[Saved data entries]
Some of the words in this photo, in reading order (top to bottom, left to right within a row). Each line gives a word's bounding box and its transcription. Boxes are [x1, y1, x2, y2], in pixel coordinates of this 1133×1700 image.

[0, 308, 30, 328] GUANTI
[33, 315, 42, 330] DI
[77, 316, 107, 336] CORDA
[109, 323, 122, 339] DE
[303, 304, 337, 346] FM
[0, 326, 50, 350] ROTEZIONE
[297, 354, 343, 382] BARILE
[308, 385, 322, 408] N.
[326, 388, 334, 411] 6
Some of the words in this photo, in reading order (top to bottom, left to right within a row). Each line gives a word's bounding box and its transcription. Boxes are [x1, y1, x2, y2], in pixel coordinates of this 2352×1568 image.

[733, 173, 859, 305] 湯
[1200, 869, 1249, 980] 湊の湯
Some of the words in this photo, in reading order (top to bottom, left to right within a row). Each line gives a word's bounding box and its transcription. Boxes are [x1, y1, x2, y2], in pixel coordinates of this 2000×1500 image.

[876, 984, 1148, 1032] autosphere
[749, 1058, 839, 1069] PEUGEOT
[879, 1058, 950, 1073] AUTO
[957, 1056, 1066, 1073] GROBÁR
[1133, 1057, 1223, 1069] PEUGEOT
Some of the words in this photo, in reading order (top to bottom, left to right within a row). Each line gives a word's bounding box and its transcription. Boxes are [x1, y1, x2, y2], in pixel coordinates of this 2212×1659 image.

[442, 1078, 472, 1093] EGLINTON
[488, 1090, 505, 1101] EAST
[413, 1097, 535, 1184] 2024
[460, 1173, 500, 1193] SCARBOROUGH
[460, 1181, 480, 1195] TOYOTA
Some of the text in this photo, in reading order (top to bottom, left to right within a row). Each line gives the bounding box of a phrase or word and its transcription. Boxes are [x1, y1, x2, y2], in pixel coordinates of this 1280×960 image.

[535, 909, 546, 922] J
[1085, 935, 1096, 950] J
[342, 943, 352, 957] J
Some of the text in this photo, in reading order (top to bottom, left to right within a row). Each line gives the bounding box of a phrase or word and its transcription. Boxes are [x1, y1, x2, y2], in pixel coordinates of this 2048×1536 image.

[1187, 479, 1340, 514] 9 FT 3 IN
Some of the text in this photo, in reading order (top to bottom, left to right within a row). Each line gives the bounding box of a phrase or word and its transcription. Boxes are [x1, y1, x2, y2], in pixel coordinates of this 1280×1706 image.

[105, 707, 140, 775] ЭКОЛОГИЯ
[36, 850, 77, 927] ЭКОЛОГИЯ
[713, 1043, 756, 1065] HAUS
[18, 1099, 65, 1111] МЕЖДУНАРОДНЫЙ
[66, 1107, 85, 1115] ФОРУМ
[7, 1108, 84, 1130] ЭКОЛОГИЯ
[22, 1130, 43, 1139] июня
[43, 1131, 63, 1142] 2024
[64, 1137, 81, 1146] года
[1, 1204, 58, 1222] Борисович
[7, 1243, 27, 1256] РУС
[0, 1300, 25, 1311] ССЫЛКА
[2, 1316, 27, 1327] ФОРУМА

**Task item:** Start at the top line of the records and retype them all exactly.

**Result:**
Some of the words in this photo, in reading order (top to bottom, left to right within a row). Each line gives a word's bounding box and its transcription. Boxes are [x1, y1, x2, y2], in pixel coordinates of this 1133×1700 image.

[0, 308, 30, 328] GUANTI
[33, 315, 42, 330] DI
[77, 316, 107, 336] CORDA
[109, 323, 122, 339] DE
[303, 304, 337, 346] FM
[0, 326, 50, 350] ROTEZIONE
[297, 354, 343, 382] BARILE
[308, 385, 322, 408] N.
[326, 388, 334, 411] 6
Some of the words in this photo, in reading order (top to bottom, left to right within a row). Each line gives a word's bounding box and its transcription. Boxes are [x1, y1, x2, y2], in pixel coordinates of this 2352×1568 image.

[733, 173, 859, 305] 湯
[1200, 869, 1249, 980] 湊の湯
Some of the words in this photo, in reading order (top to bottom, left to right within a row). Each line gives a word's bounding box and its transcription. Boxes are [x1, y1, x2, y2], in pixel coordinates of this 2000×1500 image.

[876, 984, 1148, 1032] autosphere
[749, 1058, 839, 1069] PEUGEOT
[879, 1058, 950, 1073] AUTO
[957, 1056, 1066, 1073] GROBÁR
[1133, 1057, 1223, 1069] PEUGEOT
Some of the words in this photo, in reading order (top to bottom, left to right within a row). Each line gives a word's bounding box and its transcription. Boxes are [x1, y1, x2, y2], in pixel coordinates of this 2212×1659 image.

[442, 1078, 472, 1093] EGLINTON
[488, 1090, 505, 1101] EAST
[413, 1097, 535, 1184] 2024
[460, 1173, 500, 1193] SCARBOROUGH
[460, 1181, 480, 1195] TOYOTA
Some of the text in this photo, in reading order (top to bottom, left to right within a row). Each line gives the bounding box of a phrase or word and its transcription. Boxes are [x1, y1, x2, y2], in pixel coordinates of this 1280×960 image.

[535, 909, 546, 922] J
[1085, 935, 1096, 950] J
[342, 943, 352, 957] J
Some of the text in this photo, in reading order (top to bottom, left to right within a row). Each line gives the bounding box of a phrase or word and its transcription. Boxes are [x1, y1, x2, y2], in pixel coordinates of this 2048×1536 image.

[1187, 479, 1340, 514] 9 FT 3 IN
Some of the text in this photo, in reading order (top to bottom, left to right within a row). Each line gives the bounding box of a phrase or word and its transcription. Boxes are [x1, y1, x2, y2], in pixel coordinates of this 1280×1706 image.

[105, 707, 140, 775] ЭКОЛОГИЯ
[36, 850, 77, 927] ЭКОЛОГИЯ
[713, 1043, 756, 1065] HAUS
[18, 1099, 65, 1111] МЕЖДУНАРОДНЫЙ
[66, 1107, 85, 1115] ФОРУМ
[7, 1108, 84, 1130] ЭКОЛОГИЯ
[22, 1130, 43, 1139] июня
[43, 1131, 63, 1142] 2024
[64, 1137, 81, 1146] года
[1, 1204, 58, 1222] Борисович
[7, 1243, 27, 1256] РУС
[0, 1300, 25, 1311] ССЫЛКА
[2, 1316, 27, 1327] ФОРУМА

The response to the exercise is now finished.